Maintenance of Hydration

Maintain hydration of patients presenting with severe or some dehydration. Replace ongoing fluid losses until diarrhea stops.

When a patient who has been rehydrated with IV fluid or ORS solution is reassessed and has no signs of dehydration, continue to administer ORS solution to maintain normal hydration. The aim is to replace stool losses as they occur with an equivalent amount of ORS solution. See Table 5 .

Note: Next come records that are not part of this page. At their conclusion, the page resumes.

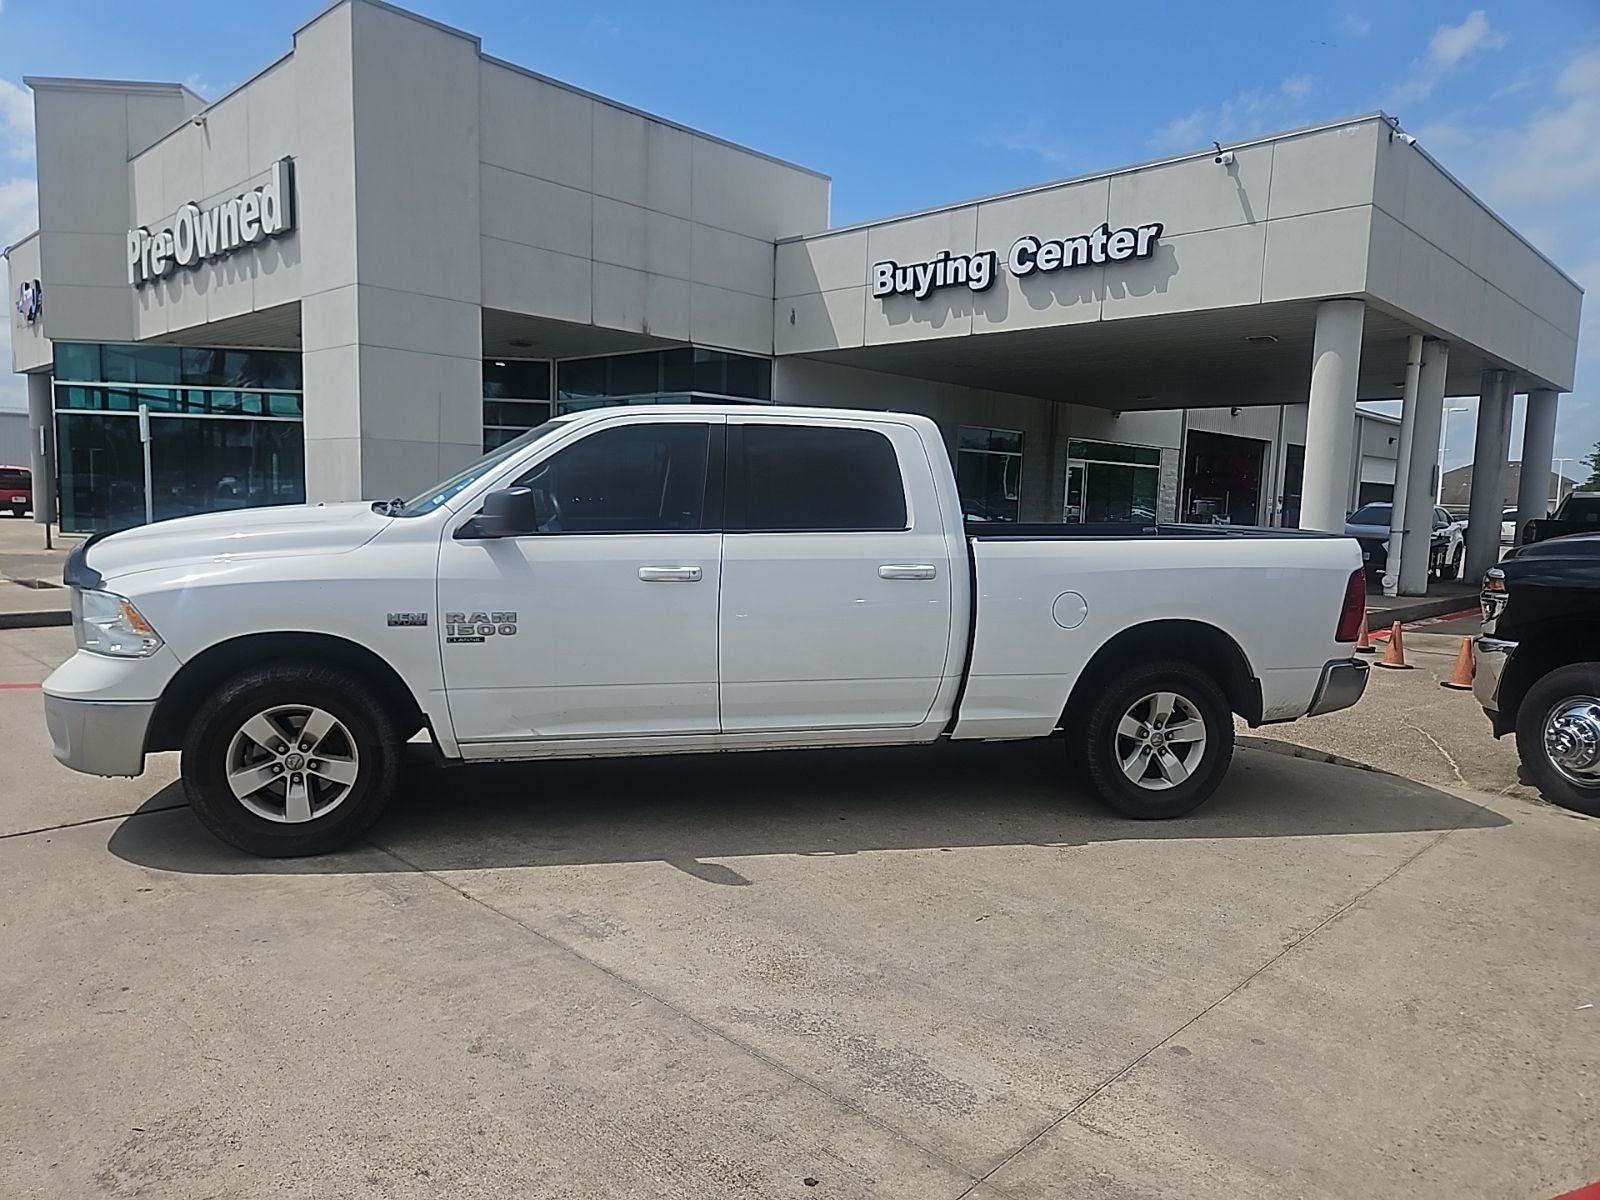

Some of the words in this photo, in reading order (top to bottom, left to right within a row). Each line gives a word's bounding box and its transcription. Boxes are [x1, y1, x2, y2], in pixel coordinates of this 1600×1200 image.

[127, 160, 288, 285] Pre-Owned
[873, 251, 997, 299] Buying
[1009, 223, 1163, 277] Center
[446, 612, 517, 623] RAM
[446, 624, 517, 636] 1500
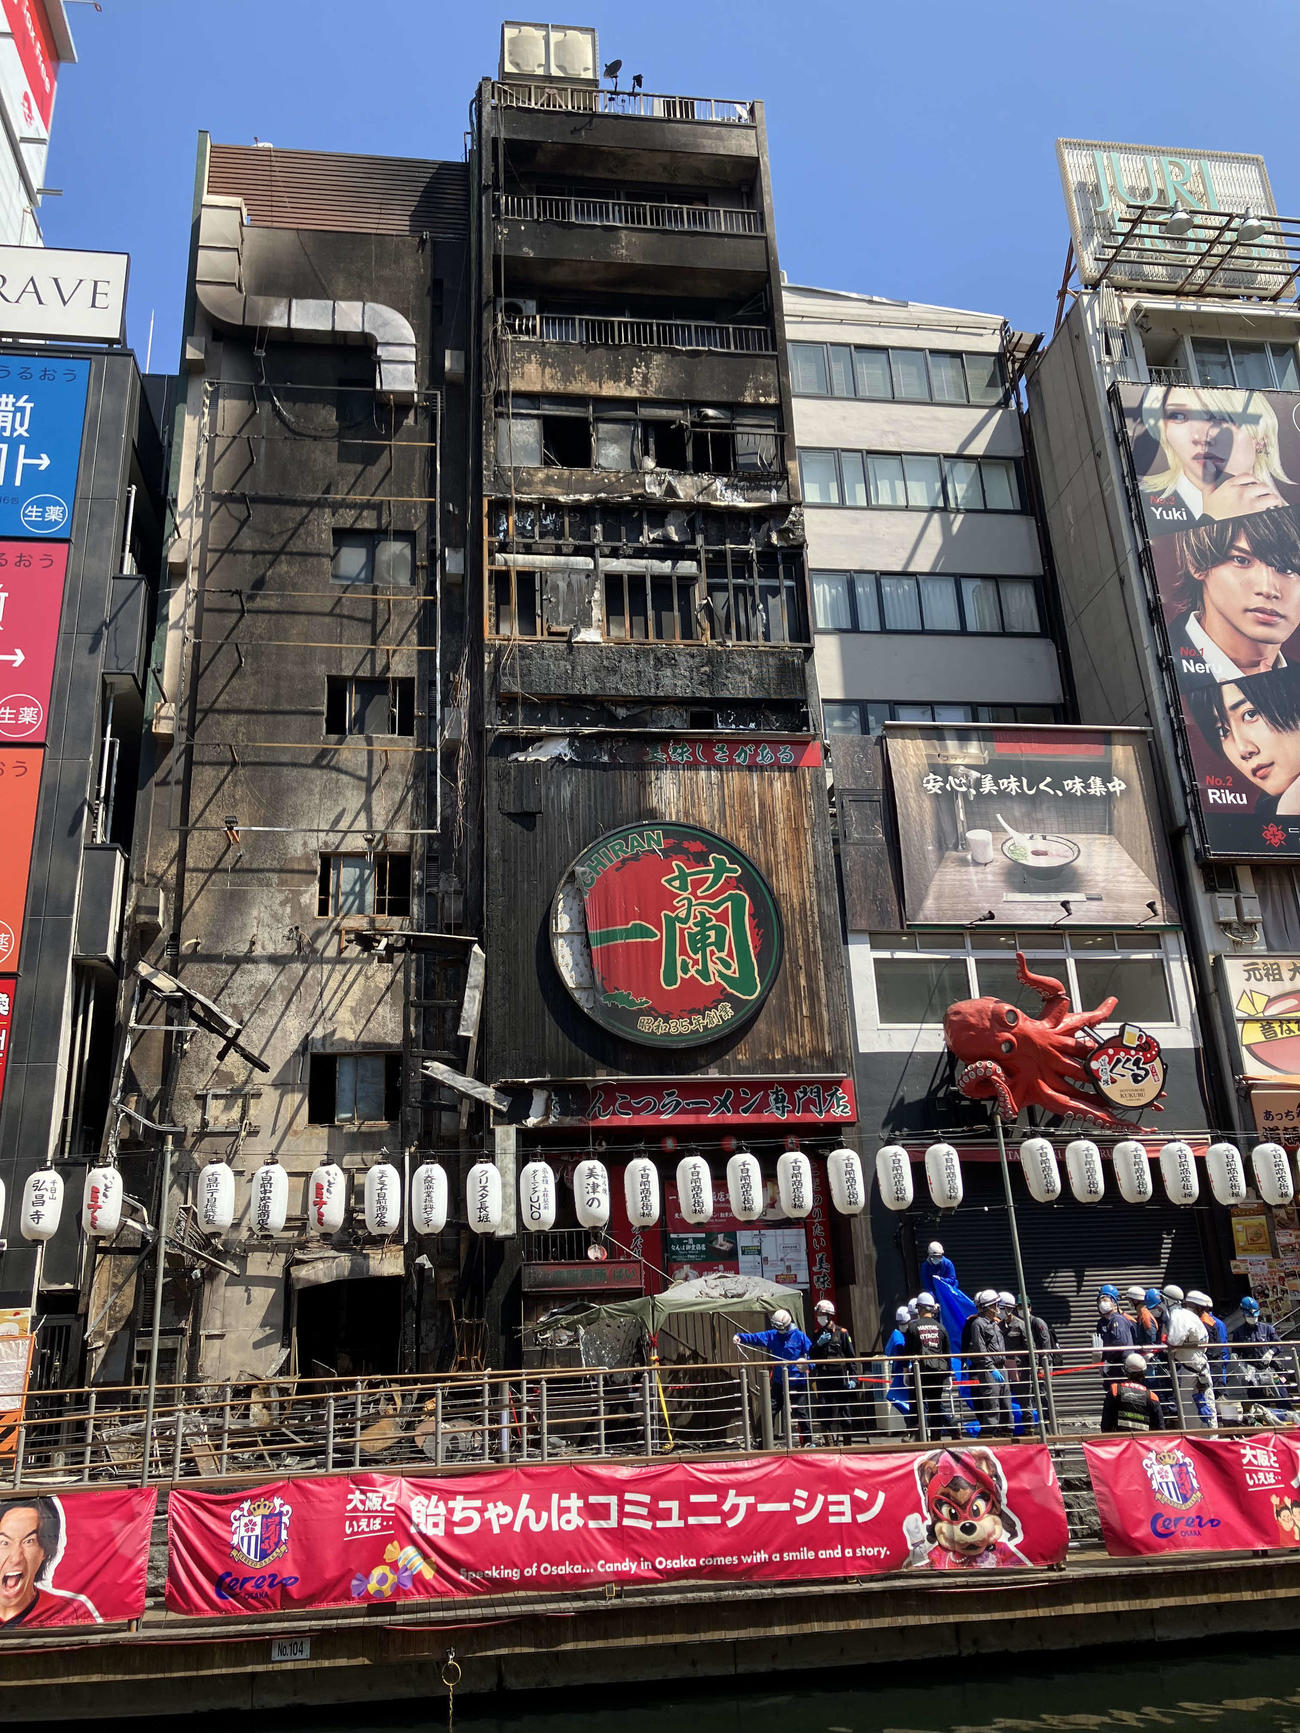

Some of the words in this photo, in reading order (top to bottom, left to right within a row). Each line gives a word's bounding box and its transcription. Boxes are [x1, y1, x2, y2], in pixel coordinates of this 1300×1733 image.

[1093, 150, 1219, 212] JURI
[1150, 506, 1188, 521] Yuki
[1179, 647, 1204, 657] No.1
[1182, 658, 1223, 675] Neru
[922, 772, 1128, 798] 安心、美味しく、味集中
[1205, 775, 1233, 787] No.2
[1207, 788, 1248, 805] Riku
[586, 853, 761, 1000] 一蘭
[1243, 962, 1285, 983] 元祖
[637, 1002, 735, 1036] 昭和35年創業
[1259, 1021, 1300, 1041] 昔な
[1109, 1056, 1150, 1084] くくる
[476, 1169, 492, 1224] クリスタ長堀
[585, 1165, 602, 1209] 美津の
[30, 1179, 49, 1225] 弘昌寺
[1240, 1446, 1279, 1468] 大阪と
[345, 1492, 396, 1513] 大阪と
[408, 1489, 886, 1537] 飴ちゃんはコミュニケーション
[1150, 1512, 1222, 1539] Cerezo
[459, 1563, 522, 1583] Speaking
[524, 1562, 538, 1577] of
[540, 1560, 595, 1577] Osaka...
[597, 1556, 637, 1575] Candy
[640, 1556, 652, 1571] in
[655, 1553, 697, 1570] Osaka
[699, 1553, 739, 1567] comes
[741, 1548, 769, 1564] with
[772, 1552, 780, 1562] a
[783, 1546, 816, 1561] smile
[818, 1543, 842, 1560] and
[844, 1547, 853, 1558] a
[855, 1544, 891, 1561] story.
[214, 1570, 300, 1601] Cerezo
[277, 1643, 304, 1658] No.104
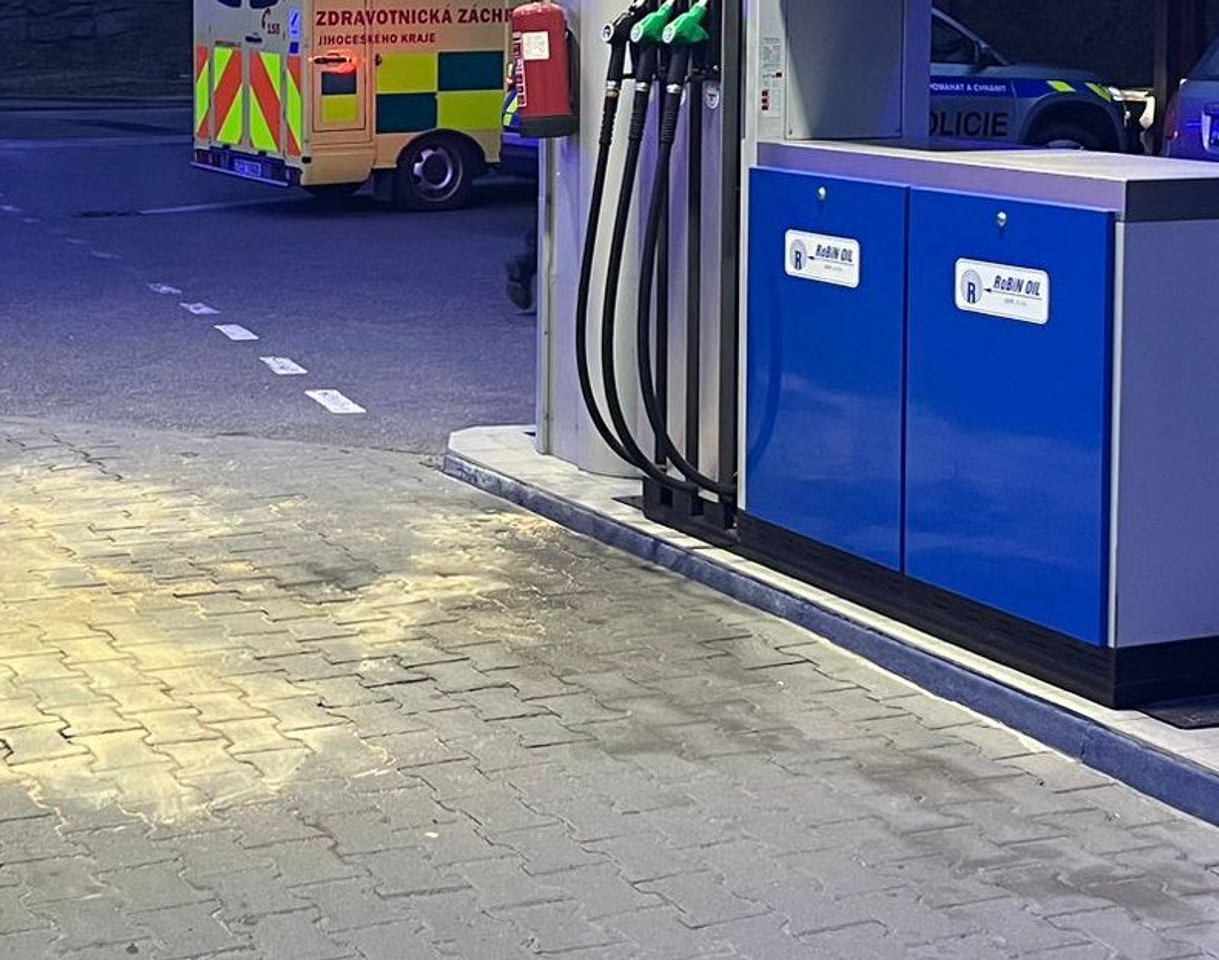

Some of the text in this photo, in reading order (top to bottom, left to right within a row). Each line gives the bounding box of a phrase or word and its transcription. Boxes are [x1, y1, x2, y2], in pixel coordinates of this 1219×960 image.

The amount of ORS solution required to maintain hydration varies greatly among patients, depending on the volume of stool passed. It is highest in the first 24 hours of treatment and is especially large in patients who present with severe dehydration. In the first 24 hours, the average requirement of ORS solution in such patients is 200 mL/kg, but some patients may need as much as 350 mL/kg.

Continue to reassess the patient for signs of dehydration at least every 4 hours to ensure that enough ORS solution is being taken. Patients with profuse ongoing diarrhea require more frequent monitoring. If signs of some dehydration are detected, the patient should be rehydrated as described earlier, before continuing with treatment to maintain hydration.

A few patients, whose ongoing stool output is very large, may have difficulty in drinking the volume of ORS needed to maintain hydration. If these patients become tired, vomit frequently, or develop abdominal distension, ORS solution should be stopped and hydration should be maintained intravenously with lactated Ringer solution or isotonic sodium chloride solution, administering 50 mL/kg in 3 hours. After this is done, resuming treatment with ORS solution is usually possible.

Keep the patient under observation, if possible, until diarrhea stops or is infrequent and of small volume. This is especially important for any patient presenting with severe dehydration. If a patient must be discharged from the hospital before diarrhea has stopped, show the caretaker how to prepare and give ORS solution, and instruct the caretaker to continue to give ORS solution, as above. Also instruct the caretaker to return the patient to the hospital if any signs of danger appear.

Antibiotic Treatment

An effective antibiotic can reduce the volume of diarrhea in patients with severe cholera and shorten the period during which V cholerae O1 is excreted. In addition, it usually stops the diarrhea within 48 hours, thus shortening the period of hospitalization. Whenever possible, antibiotic therapy should be guided by susceptibility reports.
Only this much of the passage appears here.